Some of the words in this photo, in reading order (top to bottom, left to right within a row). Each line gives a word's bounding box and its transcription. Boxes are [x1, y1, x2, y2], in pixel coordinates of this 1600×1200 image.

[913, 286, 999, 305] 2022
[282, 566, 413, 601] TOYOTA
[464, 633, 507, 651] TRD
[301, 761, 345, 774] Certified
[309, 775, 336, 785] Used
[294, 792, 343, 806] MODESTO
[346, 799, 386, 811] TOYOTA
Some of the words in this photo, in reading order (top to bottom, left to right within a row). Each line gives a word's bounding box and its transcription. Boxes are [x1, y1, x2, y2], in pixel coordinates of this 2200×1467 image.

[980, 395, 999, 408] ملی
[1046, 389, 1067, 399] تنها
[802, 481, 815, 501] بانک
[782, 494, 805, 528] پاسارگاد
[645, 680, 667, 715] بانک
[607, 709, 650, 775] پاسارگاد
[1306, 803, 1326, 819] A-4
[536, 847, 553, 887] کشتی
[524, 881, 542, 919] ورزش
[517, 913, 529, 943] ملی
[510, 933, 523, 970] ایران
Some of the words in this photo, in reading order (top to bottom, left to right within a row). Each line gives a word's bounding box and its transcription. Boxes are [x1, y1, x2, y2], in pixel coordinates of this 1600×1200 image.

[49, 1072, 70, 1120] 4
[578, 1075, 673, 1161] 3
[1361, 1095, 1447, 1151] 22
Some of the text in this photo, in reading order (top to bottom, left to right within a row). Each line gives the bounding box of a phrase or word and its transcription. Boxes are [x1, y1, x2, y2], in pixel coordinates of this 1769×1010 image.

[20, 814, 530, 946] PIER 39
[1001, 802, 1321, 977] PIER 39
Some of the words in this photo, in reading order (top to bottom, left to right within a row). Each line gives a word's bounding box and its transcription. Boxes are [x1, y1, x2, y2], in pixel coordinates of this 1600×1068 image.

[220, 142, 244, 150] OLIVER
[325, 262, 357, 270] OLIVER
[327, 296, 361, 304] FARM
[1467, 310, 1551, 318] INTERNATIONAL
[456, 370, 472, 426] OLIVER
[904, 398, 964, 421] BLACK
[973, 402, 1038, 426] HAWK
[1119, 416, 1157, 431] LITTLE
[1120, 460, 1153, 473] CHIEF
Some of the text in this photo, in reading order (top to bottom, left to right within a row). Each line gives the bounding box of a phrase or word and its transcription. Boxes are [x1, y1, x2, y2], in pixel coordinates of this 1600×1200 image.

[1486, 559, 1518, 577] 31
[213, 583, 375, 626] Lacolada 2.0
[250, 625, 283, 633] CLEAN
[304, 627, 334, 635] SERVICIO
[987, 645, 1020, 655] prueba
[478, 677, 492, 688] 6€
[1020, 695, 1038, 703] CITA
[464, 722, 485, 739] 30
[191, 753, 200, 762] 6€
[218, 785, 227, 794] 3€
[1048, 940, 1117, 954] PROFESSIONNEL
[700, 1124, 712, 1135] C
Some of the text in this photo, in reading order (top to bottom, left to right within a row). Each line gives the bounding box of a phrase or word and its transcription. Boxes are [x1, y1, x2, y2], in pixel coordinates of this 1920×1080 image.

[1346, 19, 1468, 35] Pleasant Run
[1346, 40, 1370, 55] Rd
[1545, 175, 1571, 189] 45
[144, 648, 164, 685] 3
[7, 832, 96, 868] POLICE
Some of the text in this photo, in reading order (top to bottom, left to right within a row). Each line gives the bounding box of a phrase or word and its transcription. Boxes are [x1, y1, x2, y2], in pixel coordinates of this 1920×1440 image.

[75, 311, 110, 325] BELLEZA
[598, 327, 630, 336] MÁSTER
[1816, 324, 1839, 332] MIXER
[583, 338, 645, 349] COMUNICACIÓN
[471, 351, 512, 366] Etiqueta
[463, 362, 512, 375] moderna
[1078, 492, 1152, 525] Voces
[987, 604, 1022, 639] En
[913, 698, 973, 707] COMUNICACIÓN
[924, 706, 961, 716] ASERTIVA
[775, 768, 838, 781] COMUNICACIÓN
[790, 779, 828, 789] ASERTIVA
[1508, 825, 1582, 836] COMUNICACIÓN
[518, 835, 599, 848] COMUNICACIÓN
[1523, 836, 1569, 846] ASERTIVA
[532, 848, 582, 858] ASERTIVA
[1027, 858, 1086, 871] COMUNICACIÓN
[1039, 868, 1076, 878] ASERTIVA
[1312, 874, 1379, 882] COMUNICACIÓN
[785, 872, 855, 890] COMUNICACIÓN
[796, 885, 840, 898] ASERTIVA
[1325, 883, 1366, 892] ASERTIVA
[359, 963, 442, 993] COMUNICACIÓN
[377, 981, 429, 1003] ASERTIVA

■ ■ ■ ■

Print the full listing again, word for word.

SOLUTION
Some of the words in this photo, in reading order (top to bottom, left to right within a row). Each line gives a word's bounding box and its transcription. Boxes are [x1, y1, x2, y2], in pixel coordinates of this 1600×1200 image.

[913, 286, 999, 305] 2022
[282, 566, 413, 601] TOYOTA
[464, 633, 507, 651] TRD
[301, 761, 345, 774] Certified
[309, 775, 336, 785] Used
[294, 792, 343, 806] MODESTO
[346, 799, 386, 811] TOYOTA
Some of the words in this photo, in reading order (top to bottom, left to right within a row). Each line gives a word's bounding box and its transcription. Boxes are [x1, y1, x2, y2], in pixel coordinates of this 2200×1467 image.

[980, 395, 999, 408] ملی
[1046, 389, 1067, 399] تنها
[802, 481, 815, 501] بانک
[782, 494, 805, 528] پاسارگاد
[645, 680, 667, 715] بانک
[607, 709, 650, 775] پاسارگاد
[1306, 803, 1326, 819] A-4
[536, 847, 553, 887] کشتی
[524, 881, 542, 919] ورزش
[517, 913, 529, 943] ملی
[510, 933, 523, 970] ایران
Some of the words in this photo, in reading order (top to bottom, left to right within a row). Each line gives a word's bounding box and its transcription. Boxes are [x1, y1, x2, y2], in pixel coordinates of this 1600×1200 image.

[49, 1072, 70, 1120] 4
[578, 1075, 673, 1161] 3
[1361, 1095, 1447, 1151] 22
Some of the text in this photo, in reading order (top to bottom, left to right within a row). Each line gives the bounding box of a phrase or word and its transcription. Boxes are [x1, y1, x2, y2], in pixel coordinates of this 1769×1010 image.

[20, 814, 530, 946] PIER 39
[1001, 802, 1321, 977] PIER 39
Some of the words in this photo, in reading order (top to bottom, left to right within a row). Each line gives a word's bounding box and its transcription. Boxes are [x1, y1, x2, y2], in pixel coordinates of this 1600×1068 image.

[220, 142, 244, 150] OLIVER
[325, 262, 357, 270] OLIVER
[327, 296, 361, 304] FARM
[1467, 310, 1551, 318] INTERNATIONAL
[456, 370, 472, 426] OLIVER
[904, 398, 964, 421] BLACK
[973, 402, 1038, 426] HAWK
[1119, 416, 1157, 431] LITTLE
[1120, 460, 1153, 473] CHIEF
Some of the text in this photo, in reading order (top to bottom, left to right within a row). Each line gives the bounding box of a phrase or word and its transcription. Boxes are [x1, y1, x2, y2], in pixel coordinates of this 1600×1200 image.

[1486, 559, 1518, 577] 31
[213, 583, 375, 626] Lacolada 2.0
[250, 625, 283, 633] CLEAN
[304, 627, 334, 635] SERVICIO
[987, 645, 1020, 655] prueba
[478, 677, 492, 688] 6€
[1020, 695, 1038, 703] CITA
[464, 722, 485, 739] 30
[191, 753, 200, 762] 6€
[218, 785, 227, 794] 3€
[1048, 940, 1117, 954] PROFESSIONNEL
[700, 1124, 712, 1135] C
Some of the text in this photo, in reading order (top to bottom, left to right within a row). Each line gives the bounding box of a phrase or word and its transcription. Boxes are [x1, y1, x2, y2], in pixel coordinates of this 1920×1080 image.

[1346, 19, 1468, 35] Pleasant Run
[1346, 40, 1370, 55] Rd
[1545, 175, 1571, 189] 45
[144, 648, 164, 685] 3
[7, 832, 96, 868] POLICE
Some of the text in this photo, in reading order (top to bottom, left to right within a row). Each line gives the bounding box of a phrase or word and its transcription. Boxes are [x1, y1, x2, y2], in pixel coordinates of this 1920×1440 image.

[75, 311, 110, 325] BELLEZA
[598, 327, 630, 336] MÁSTER
[1816, 324, 1839, 332] MIXER
[583, 338, 645, 349] COMUNICACIÓN
[471, 351, 512, 366] Etiqueta
[463, 362, 512, 375] moderna
[1078, 492, 1152, 525] Voces
[987, 604, 1022, 639] En
[913, 698, 973, 707] COMUNICACIÓN
[924, 706, 961, 716] ASERTIVA
[775, 768, 838, 781] COMUNICACIÓN
[790, 779, 828, 789] ASERTIVA
[1508, 825, 1582, 836] COMUNICACIÓN
[518, 835, 599, 848] COMUNICACIÓN
[1523, 836, 1569, 846] ASERTIVA
[532, 848, 582, 858] ASERTIVA
[1027, 858, 1086, 871] COMUNICACIÓN
[1039, 868, 1076, 878] ASERTIVA
[1312, 874, 1379, 882] COMUNICACIÓN
[785, 872, 855, 890] COMUNICACIÓN
[796, 885, 840, 898] ASERTIVA
[1325, 883, 1366, 892] ASERTIVA
[359, 963, 442, 993] COMUNICACIÓN
[377, 981, 429, 1003] ASERTIVA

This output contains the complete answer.